As lake and creek levels recede, the City will provide recommendations as to when to remove bags

As lake and creek levels recede, the City of Vernon will be providing recommendations as to when it is safe to remove flood protection from effected properties.

“In most instances, sand used for flood protection in the City of Vernon can be treated as clean soil and be used as general fill, substitute aggregate in construction applications or blended into gardens and lawns,” the City said in a release.

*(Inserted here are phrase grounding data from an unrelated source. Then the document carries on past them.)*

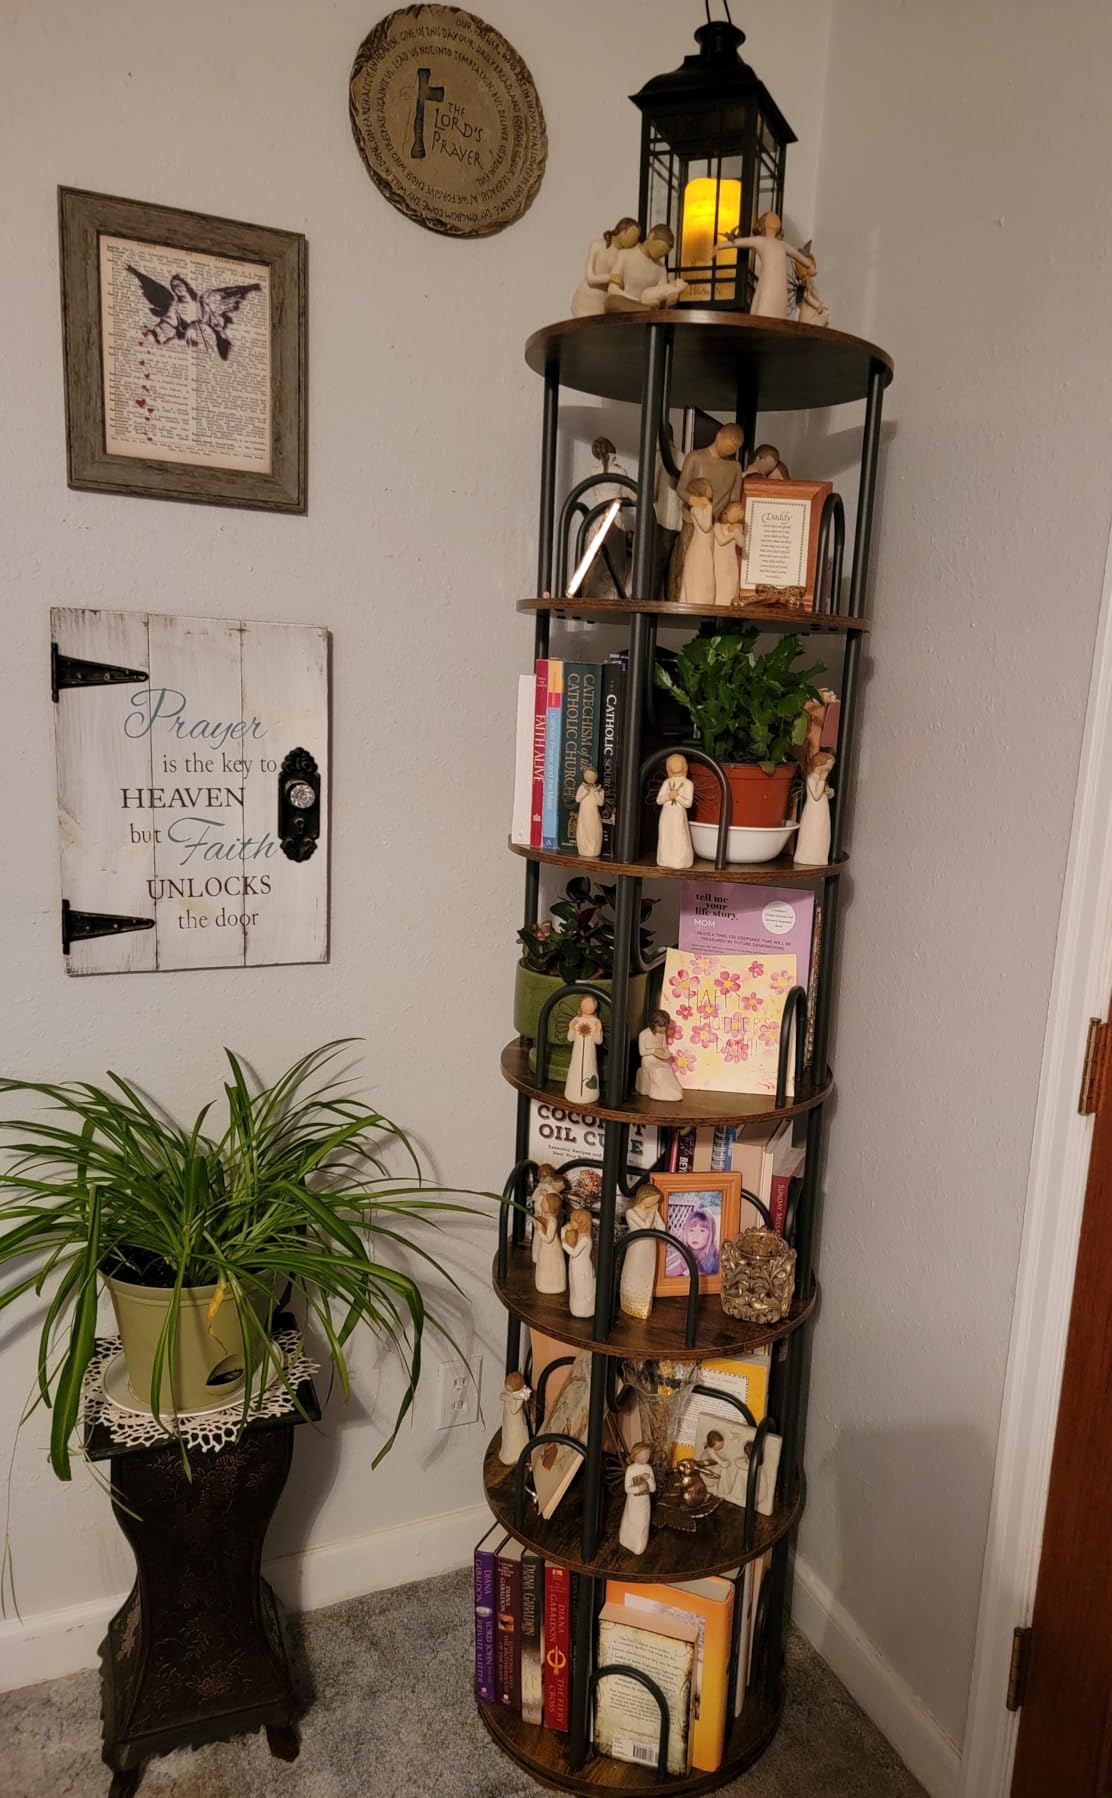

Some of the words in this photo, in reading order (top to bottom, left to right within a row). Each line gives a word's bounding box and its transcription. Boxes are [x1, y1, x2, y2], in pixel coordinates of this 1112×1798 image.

[448, 102, 465, 118] THE
[434, 107, 485, 144] LORD'S
[432, 131, 484, 171] PRAYER
[761, 511, 793, 525] Daddy
[124, 688, 268, 750] Prayer
[565, 673, 581, 740] CATHOLIC
[581, 674, 596, 747] CATECHISM
[534, 714, 547, 748] FAITH
[603, 693, 617, 756] CATHOLIC
[163, 755, 177, 773] is
[185, 752, 214, 773] the
[222, 752, 253, 780] key
[260, 757, 277, 773] to
[533, 750, 545, 782] ALIVE
[577, 747, 592, 760] of
[564, 741, 578, 801] CHURCH
[120, 787, 246, 809] HEAVEN
[130, 823, 162, 845] but
[167, 817, 279, 866] Faith
[146, 875, 272, 900] UNLOCKS
[695, 893, 711, 902] tell
[714, 896, 729, 904] me
[178, 909, 208, 930] the
[216, 907, 259, 928] door
[695, 906, 711, 917] life
[706, 903, 728, 911] your
[693, 918, 716, 928] MOM
[687, 986, 745, 1010] HAPPY
[699, 1014, 771, 1036] MOTHER'S
[537, 1104, 647, 1138] COCOT
[539, 1123, 577, 1144] OIL
[583, 1130, 645, 1155] CUE
[776, 1183, 785, 1212] SUNDAY
[775, 1212, 783, 1234] MISSA
[475, 1559, 483, 1603] GABALDON
[483, 1569, 492, 1595] DIANA
[522, 1563, 535, 1590] DIANA
[522, 1592, 535, 1638] GABALDON
[485, 1621, 493, 1643] LORD
[485, 1643, 493, 1665] JOHN
[548, 1684, 556, 1713] CROSS
[557, 1679, 565, 1698] THE
[557, 1698, 565, 1724] FIERY

Sand bags can be dropped off free of charge at the following locations as long as they are not mixed with any other substance, wood debris, garbage or recycling materials:

  • All RDNO Recycling and Disposal Facilities
  • The sand bag fill site located outside Operations yard entrance at 1900 – 48th Avenue off Pleasant Valley Rd
  • The sand bag fill site located at corner of Okanagan Ave and Okanagan Landing Rd (across from Marshall Fields)

Residents of Vernon who are required to dispose of more than 400 sand bags from their properties can call City Operations at 250-549-6757 during regular business hours (Monday to Friday 7:30 a.m. to 3:30 p.m.) to request assistance. City staff will review the request and if approved, City contractors will be providing large collection bins to individual properties to assist with the removal process.

Gloves and appropriate footwear should be worn when handling sandbags.

After handling sandbags, wash exposed body parts with soap and water and launder clothing.

Wet sandbags will be at least twice as heavy as dry sandbags therefore caution should be used or assistance should be sought for lifting the bags.

In accordance with Provincial regulations, sand from sandbags must not be placed directly into or adjacent to streams, lakes, ponds, rivers, creeks, springs, ravines, gulches, or wetlands whether or not they contain water.

“Be careful when beginning a clean-up. Be aware of potential hazards such as physical, microbiological, and chemicals,” the City said.